**Assignment**
The expected answer is the data below, retyped exactly.

[Extracted records]
------------------------------

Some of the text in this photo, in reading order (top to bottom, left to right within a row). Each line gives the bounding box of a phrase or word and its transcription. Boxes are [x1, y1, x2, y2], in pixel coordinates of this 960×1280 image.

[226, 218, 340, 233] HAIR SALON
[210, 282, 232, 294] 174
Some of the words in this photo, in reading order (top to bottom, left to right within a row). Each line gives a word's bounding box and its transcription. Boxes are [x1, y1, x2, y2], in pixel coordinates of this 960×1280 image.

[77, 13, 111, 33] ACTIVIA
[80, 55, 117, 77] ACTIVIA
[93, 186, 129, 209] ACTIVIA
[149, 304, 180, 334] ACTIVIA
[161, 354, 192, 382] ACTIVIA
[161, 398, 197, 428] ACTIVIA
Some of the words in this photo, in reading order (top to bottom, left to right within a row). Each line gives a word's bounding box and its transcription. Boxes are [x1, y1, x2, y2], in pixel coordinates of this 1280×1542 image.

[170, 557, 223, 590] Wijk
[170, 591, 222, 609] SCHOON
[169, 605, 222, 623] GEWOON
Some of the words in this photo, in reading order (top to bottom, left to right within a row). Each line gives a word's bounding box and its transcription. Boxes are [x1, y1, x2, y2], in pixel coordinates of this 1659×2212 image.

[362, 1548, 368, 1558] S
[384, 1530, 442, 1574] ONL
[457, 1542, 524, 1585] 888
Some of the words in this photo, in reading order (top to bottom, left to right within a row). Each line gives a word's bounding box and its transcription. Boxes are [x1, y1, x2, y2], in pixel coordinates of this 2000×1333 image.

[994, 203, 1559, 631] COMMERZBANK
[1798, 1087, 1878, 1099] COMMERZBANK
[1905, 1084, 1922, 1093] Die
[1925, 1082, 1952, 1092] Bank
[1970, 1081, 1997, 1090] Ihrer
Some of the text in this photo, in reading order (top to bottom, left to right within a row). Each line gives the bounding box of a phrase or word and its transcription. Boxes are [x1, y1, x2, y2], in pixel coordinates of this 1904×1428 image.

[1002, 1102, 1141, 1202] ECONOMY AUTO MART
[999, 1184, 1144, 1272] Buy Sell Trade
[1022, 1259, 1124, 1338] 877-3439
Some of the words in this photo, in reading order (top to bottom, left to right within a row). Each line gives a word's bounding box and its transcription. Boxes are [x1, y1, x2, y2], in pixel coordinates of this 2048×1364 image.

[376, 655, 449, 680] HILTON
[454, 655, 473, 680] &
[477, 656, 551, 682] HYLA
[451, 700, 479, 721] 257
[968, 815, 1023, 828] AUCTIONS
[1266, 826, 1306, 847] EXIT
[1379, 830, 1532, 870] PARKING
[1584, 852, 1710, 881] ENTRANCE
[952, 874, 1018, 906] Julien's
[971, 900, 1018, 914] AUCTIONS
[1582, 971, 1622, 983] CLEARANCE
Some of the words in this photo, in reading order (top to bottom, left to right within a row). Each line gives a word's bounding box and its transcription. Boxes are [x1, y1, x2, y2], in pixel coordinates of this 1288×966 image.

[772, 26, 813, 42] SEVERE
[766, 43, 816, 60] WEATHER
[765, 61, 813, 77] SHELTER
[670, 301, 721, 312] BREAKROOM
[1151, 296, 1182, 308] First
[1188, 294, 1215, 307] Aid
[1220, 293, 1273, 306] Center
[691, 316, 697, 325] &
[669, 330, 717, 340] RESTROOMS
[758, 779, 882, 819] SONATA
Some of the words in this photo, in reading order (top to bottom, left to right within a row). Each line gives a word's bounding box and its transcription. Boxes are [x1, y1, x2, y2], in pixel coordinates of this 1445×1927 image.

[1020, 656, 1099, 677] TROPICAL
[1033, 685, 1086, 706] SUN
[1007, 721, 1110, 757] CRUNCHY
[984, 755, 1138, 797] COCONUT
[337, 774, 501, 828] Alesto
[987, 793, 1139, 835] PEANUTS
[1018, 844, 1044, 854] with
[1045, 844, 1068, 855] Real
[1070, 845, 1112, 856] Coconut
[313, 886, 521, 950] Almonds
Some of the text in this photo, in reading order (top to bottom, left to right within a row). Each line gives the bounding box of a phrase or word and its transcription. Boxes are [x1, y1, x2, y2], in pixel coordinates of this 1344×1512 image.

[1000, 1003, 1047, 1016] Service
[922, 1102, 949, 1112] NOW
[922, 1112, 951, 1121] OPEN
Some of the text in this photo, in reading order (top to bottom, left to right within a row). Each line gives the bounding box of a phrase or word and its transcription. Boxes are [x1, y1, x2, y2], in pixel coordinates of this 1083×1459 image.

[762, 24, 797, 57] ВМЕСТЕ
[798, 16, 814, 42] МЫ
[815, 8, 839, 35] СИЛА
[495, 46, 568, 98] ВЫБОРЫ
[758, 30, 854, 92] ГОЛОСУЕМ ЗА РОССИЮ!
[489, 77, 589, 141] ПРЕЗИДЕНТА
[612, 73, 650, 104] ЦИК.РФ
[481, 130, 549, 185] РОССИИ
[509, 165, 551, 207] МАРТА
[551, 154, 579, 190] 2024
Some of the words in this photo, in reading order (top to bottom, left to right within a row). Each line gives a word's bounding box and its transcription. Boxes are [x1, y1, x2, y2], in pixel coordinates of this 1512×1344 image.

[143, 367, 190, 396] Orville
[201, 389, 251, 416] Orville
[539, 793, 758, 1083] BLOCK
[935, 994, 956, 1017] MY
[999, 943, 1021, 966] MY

------------------------------

**Answer for this exercise**
Some of the text in this photo, in reading order (top to bottom, left to right within a row). Each line gives the bounding box of a phrase or word and its transcription. Boxes are [x1, y1, x2, y2], in pixel coordinates of this 960×1280 image.

[226, 218, 340, 233] HAIR SALON
[210, 282, 232, 294] 174
Some of the words in this photo, in reading order (top to bottom, left to right within a row). Each line gives a word's bounding box and its transcription. Boxes are [x1, y1, x2, y2], in pixel coordinates of this 960×1280 image.

[77, 13, 111, 33] ACTIVIA
[80, 55, 117, 77] ACTIVIA
[93, 186, 129, 209] ACTIVIA
[149, 304, 180, 334] ACTIVIA
[161, 354, 192, 382] ACTIVIA
[161, 398, 197, 428] ACTIVIA
Some of the words in this photo, in reading order (top to bottom, left to right within a row). Each line gives a word's bounding box and its transcription. Boxes are [x1, y1, x2, y2], in pixel coordinates of this 1280×1542 image.

[170, 557, 223, 590] Wijk
[170, 591, 222, 609] SCHOON
[169, 605, 222, 623] GEWOON
Some of the words in this photo, in reading order (top to bottom, left to right within a row). Each line gives a word's bounding box and its transcription. Boxes are [x1, y1, x2, y2], in pixel coordinates of this 1659×2212 image.

[362, 1548, 368, 1558] S
[384, 1530, 442, 1574] ONL
[457, 1542, 524, 1585] 888
Some of the words in this photo, in reading order (top to bottom, left to right within a row). Each line gives a word's bounding box and its transcription. Boxes are [x1, y1, x2, y2], in pixel coordinates of this 2000×1333 image.

[994, 203, 1559, 631] COMMERZBANK
[1798, 1087, 1878, 1099] COMMERZBANK
[1905, 1084, 1922, 1093] Die
[1925, 1082, 1952, 1092] Bank
[1970, 1081, 1997, 1090] Ihrer
Some of the text in this photo, in reading order (top to bottom, left to right within a row). Each line gives the bounding box of a phrase or word and its transcription. Boxes are [x1, y1, x2, y2], in pixel coordinates of this 1904×1428 image.

[1002, 1102, 1141, 1202] ECONOMY AUTO MART
[999, 1184, 1144, 1272] Buy Sell Trade
[1022, 1259, 1124, 1338] 877-3439
Some of the words in this photo, in reading order (top to bottom, left to right within a row). Each line gives a word's bounding box and its transcription. Boxes are [x1, y1, x2, y2], in pixel coordinates of this 2048×1364 image.

[376, 655, 449, 680] HILTON
[454, 655, 473, 680] &
[477, 656, 551, 682] HYLA
[451, 700, 479, 721] 257
[968, 815, 1023, 828] AUCTIONS
[1266, 826, 1306, 847] EXIT
[1379, 830, 1532, 870] PARKING
[1584, 852, 1710, 881] ENTRANCE
[952, 874, 1018, 906] Julien's
[971, 900, 1018, 914] AUCTIONS
[1582, 971, 1622, 983] CLEARANCE
Some of the words in this photo, in reading order (top to bottom, left to right within a row). Each line gives a word's bounding box and its transcription. Boxes are [x1, y1, x2, y2], in pixel coordinates of this 1288×966 image.

[772, 26, 813, 42] SEVERE
[766, 43, 816, 60] WEATHER
[765, 61, 813, 77] SHELTER
[670, 301, 721, 312] BREAKROOM
[1151, 296, 1182, 308] First
[1188, 294, 1215, 307] Aid
[1220, 293, 1273, 306] Center
[691, 316, 697, 325] &
[669, 330, 717, 340] RESTROOMS
[758, 779, 882, 819] SONATA
Some of the words in this photo, in reading order (top to bottom, left to right within a row). Each line gives a word's bounding box and its transcription. Boxes are [x1, y1, x2, y2], in pixel coordinates of this 1445×1927 image.

[1020, 656, 1099, 677] TROPICAL
[1033, 685, 1086, 706] SUN
[1007, 721, 1110, 757] CRUNCHY
[984, 755, 1138, 797] COCONUT
[337, 774, 501, 828] Alesto
[987, 793, 1139, 835] PEANUTS
[1018, 844, 1044, 854] with
[1045, 844, 1068, 855] Real
[1070, 845, 1112, 856] Coconut
[313, 886, 521, 950] Almonds
Some of the text in this photo, in reading order (top to bottom, left to right within a row). Each line gives the bounding box of a phrase or word and its transcription. Boxes are [x1, y1, x2, y2], in pixel coordinates of this 1344×1512 image.

[1000, 1003, 1047, 1016] Service
[922, 1102, 949, 1112] NOW
[922, 1112, 951, 1121] OPEN
Some of the text in this photo, in reading order (top to bottom, left to right within a row). Each line gives the bounding box of a phrase or word and its transcription. Boxes are [x1, y1, x2, y2], in pixel coordinates of this 1083×1459 image.

[762, 24, 797, 57] ВМЕСТЕ
[798, 16, 814, 42] МЫ
[815, 8, 839, 35] СИЛА
[495, 46, 568, 98] ВЫБОРЫ
[758, 30, 854, 92] ГОЛОСУЕМ ЗА РОССИЮ!
[489, 77, 589, 141] ПРЕЗИДЕНТА
[612, 73, 650, 104] ЦИК.РФ
[481, 130, 549, 185] РОССИИ
[509, 165, 551, 207] МАРТА
[551, 154, 579, 190] 2024
Some of the words in this photo, in reading order (top to bottom, left to right within a row). Each line gives a word's bounding box and its transcription. Boxes are [x1, y1, x2, y2], in pixel coordinates of this 1512×1344 image.

[143, 367, 190, 396] Orville
[201, 389, 251, 416] Orville
[539, 793, 758, 1083] BLOCK
[935, 994, 956, 1017] MY
[999, 943, 1021, 966] MY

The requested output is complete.